Tudo se centra no protagonista, Markus, e na sua personalidade bem vinculada, difícil e violenta. A sua filha, Mathilde (Andrea Heick Gadeberg), também recebe muita atenção e importância na jornada temática do filme, conseguindo uma dinâmica interessante com o pai que se torna o alicerce emocional destas quase duas horas. Não é um argumento revolucionário, nem nada que se pareça, mas pelo menos digna-se a querer saber sobre as suas próprias personagens e coloca-as como prioridade número um. Deste modo, conseguimos explorar uma personagem difícil como Markus, que parece frio e completamente desligado de emoções, quase a um nível de psicopatia. Somos confrontados com o próprio, de perto, em várias ocasiões, onde vemos o que realmente se passa com este homem atormentado e a dificuldade que tem em gerir a sua vida além do trabalho. A esta receita, junta-se a presença forte de Mathilde, que é um absoluto oposto do pai e procura a empatia e a abertura emocional que não consegue encontrar nele. Esta dicotomia funciona bem para lidar com as repercussões psicológicas que a tragédia e a violência trazem consigo, tendo sempre a sensibilidade, no meio de brincar com o assunto, de dar importância à saúde mental de todos, sem exceção.

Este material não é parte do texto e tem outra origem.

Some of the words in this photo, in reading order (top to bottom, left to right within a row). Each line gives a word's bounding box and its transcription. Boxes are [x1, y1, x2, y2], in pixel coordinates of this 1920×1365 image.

Aqui entra todo o elenco, que se provou uma equipa bastante engraçada e interessante para manter. Cada um dos génios que vem ajudar esta família tem as suas idiossincrasias, medos, motivos e esperanças, juntando-se todos muito bem e conseguindo uma dinâmica lógica que impulsiona o filme. Todos, individualmente, lidam com trauma, mas em conjunto e às suas estranhas maneiras, entreajudam-se para tentar encontrar algo que lhes faça seguir em frente. Desta forma, Riders of Justice consegue ainda nos levar a pensar sobre causa/efeito e sobre a necessidade de querer uma justificação ou um motivo para uma tragédia acontecer. Não tem medo de mostrar que quem sofre precisa, muitas vezes, de culpar alguém e o quanto isso consegue apaziguar a dor. É uma história que demonstra a frieza do acaso e da coincidência, contrastando com a natureza intrínseca do ser humano para encontrar significado em tudo, mesmo quando o mesmo é a própria futilidade.

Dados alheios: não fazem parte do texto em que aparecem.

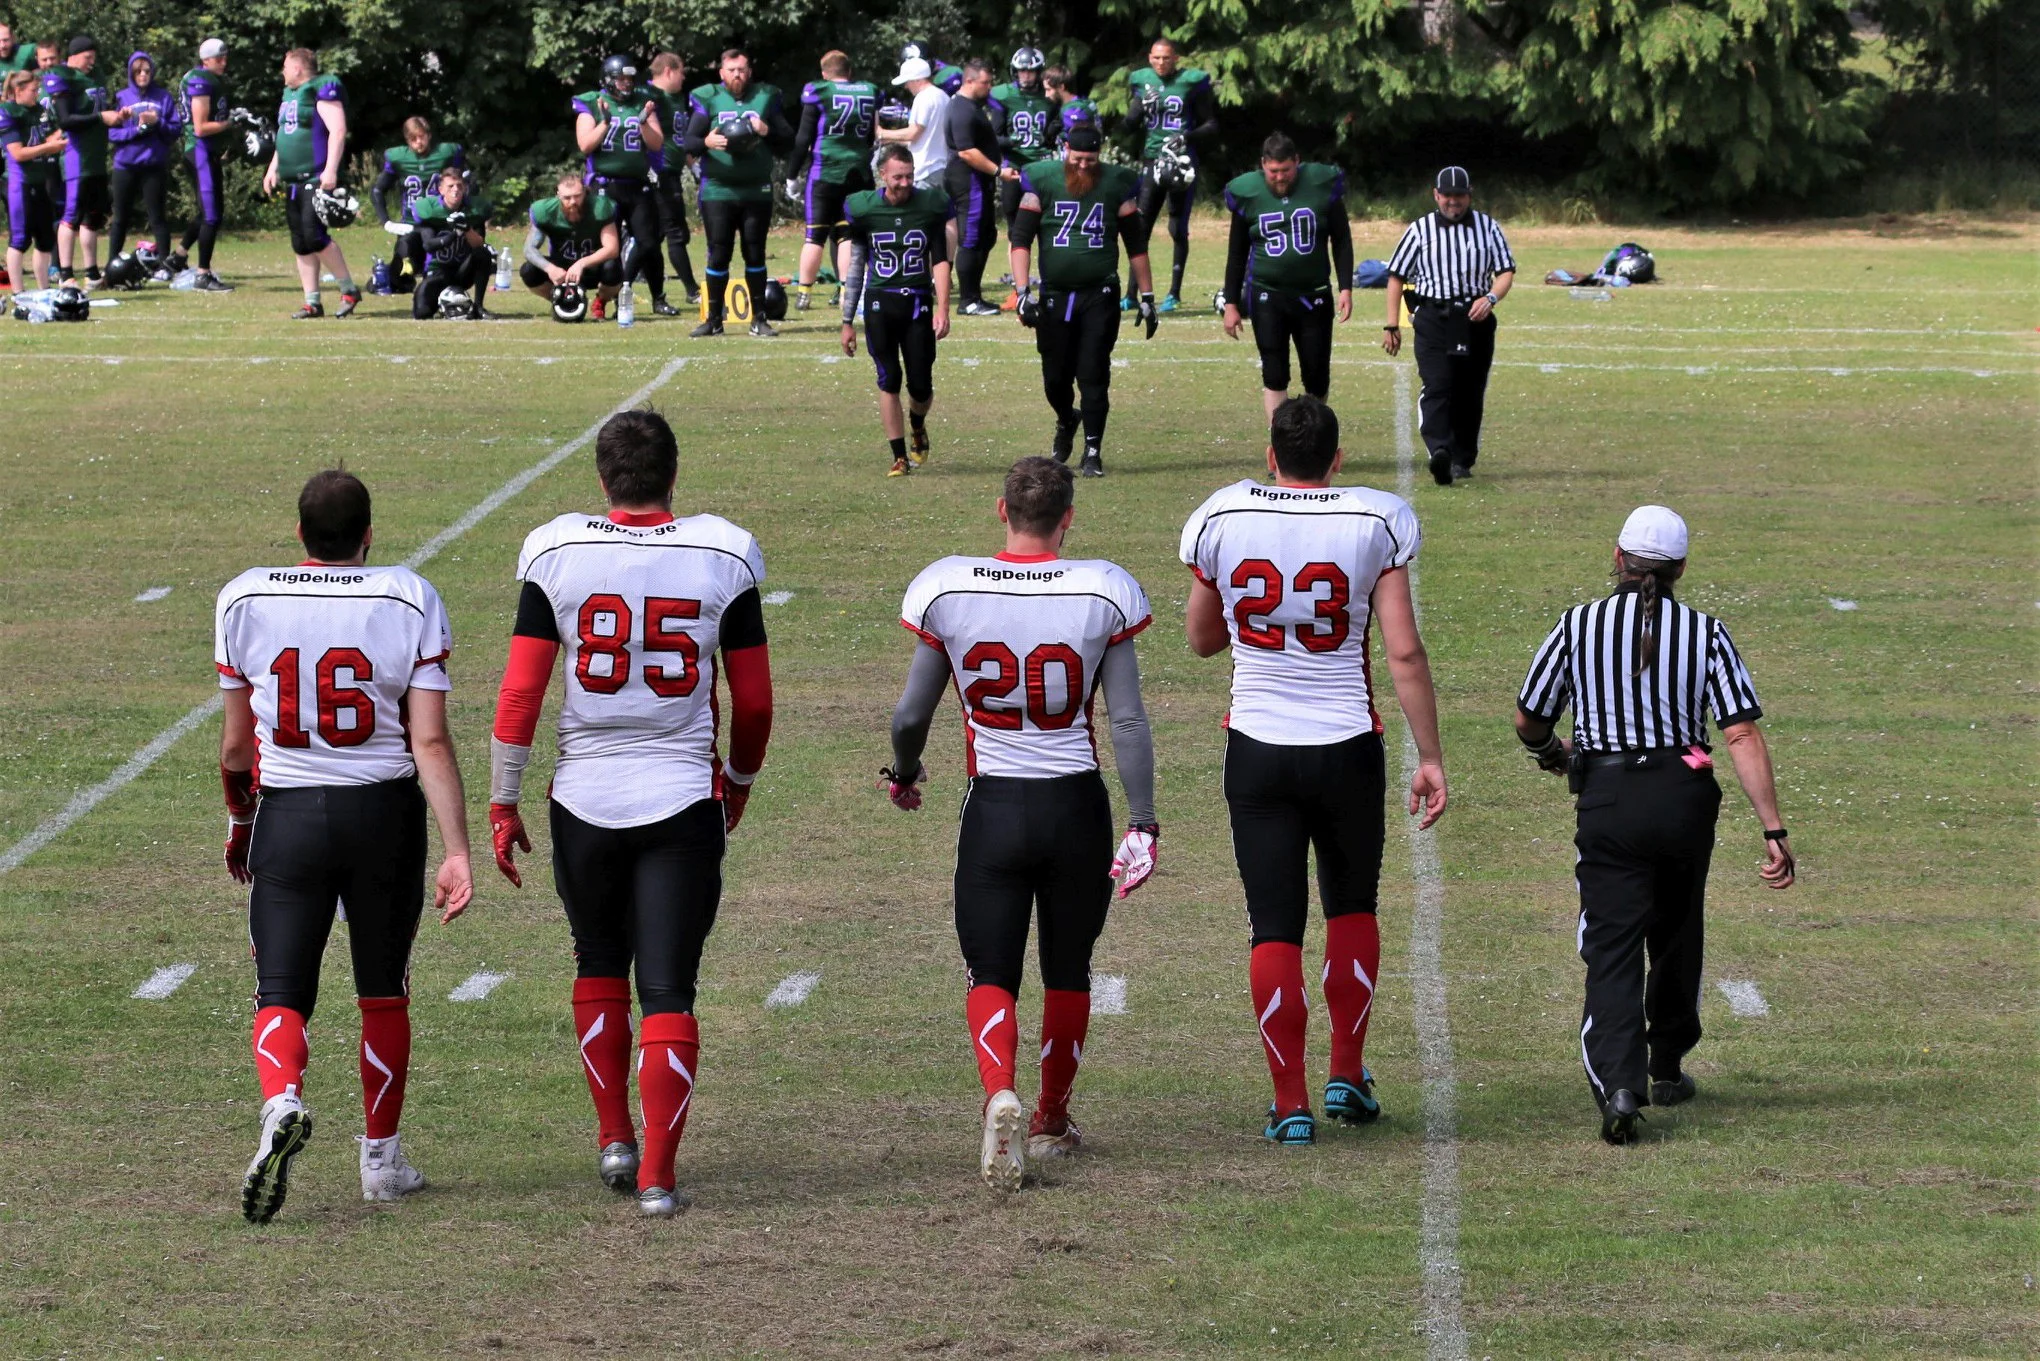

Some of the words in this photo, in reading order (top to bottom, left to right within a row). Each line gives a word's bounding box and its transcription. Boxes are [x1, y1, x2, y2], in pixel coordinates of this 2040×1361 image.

[602, 115, 640, 152] 72
[829, 94, 875, 138] 75
[1013, 111, 1046, 148] 81
[1053, 201, 1105, 248] 74
[1259, 207, 1317, 257] 50
[872, 229, 928, 278] 52
[1250, 487, 1341, 503] RigDeluge
[587, 520, 677, 538] Rigge
[268, 572, 364, 585] RigDeluge
[973, 567, 1064, 583] RigDeluge
[1230, 558, 1350, 653] 23
[575, 593, 702, 698] 85
[269, 646, 376, 749] 16
[962, 641, 1084, 731] 20
[1324, 1089, 1349, 1103] NIKE
[1286, 1124, 1312, 1138] NIKE

Mads Mikkelsen é, já sem surpresa nenhuma, um deleito para se ver. Consegue trazer humanidade no olhar de um homem já tão maquinizado, bem como trazer essa frieza para a violência que a sua personagem tanto emana. Mostra-se uma violência muito humana e interior, mas já mecanizada por todo o treino e experiência militar. As próprias cenas de ação, que são poucas e mais sobre violência precisa do que ação com acrobacias, ditam isso mesmo sobre o protagonista. É dotado de uma postura e movimentos não convencionais, e a sua abordagem para com o alvo rivaliza a precisão e frieza dos maiores assassinos profissionais de Hollywood. Desta forma, a própria carnificina do filme consegue contribuir para extrair mais das personagens e das temáticas em si. O resto do elenco é exímio e conquista a sua presença, com variadas dinâmicas e personalidades que se complementam e trabalham para o mesmo.

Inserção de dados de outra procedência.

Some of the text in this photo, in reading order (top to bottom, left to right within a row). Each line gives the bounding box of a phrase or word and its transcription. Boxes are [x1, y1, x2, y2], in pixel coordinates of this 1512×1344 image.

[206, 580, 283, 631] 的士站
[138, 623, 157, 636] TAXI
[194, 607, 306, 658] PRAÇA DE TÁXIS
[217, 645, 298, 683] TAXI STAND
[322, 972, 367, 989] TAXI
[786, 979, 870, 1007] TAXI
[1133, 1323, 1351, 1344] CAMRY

Com uma abordagem mais sensível aos problemas psicológicos e uma dose de humor negro e seco que humanizam esta história, Riders of Justice merece a atenção da maioria, pois consegue ser um filme relativamente leve, que proporciona umas horas de entretenimento mas com uma presença que se faz sentir, querendo ser levado a sério, sem se levar demasiado a sério a si próprio, não correndo assim o risco de ser ridicularizado. É um filme que mostra que na Europa também se conseguem fazer cinema de entretenimento com peso e medida, e até demonstrar que nem sempre nestes filmes de “ação” a violência tem de ser a resposta certa.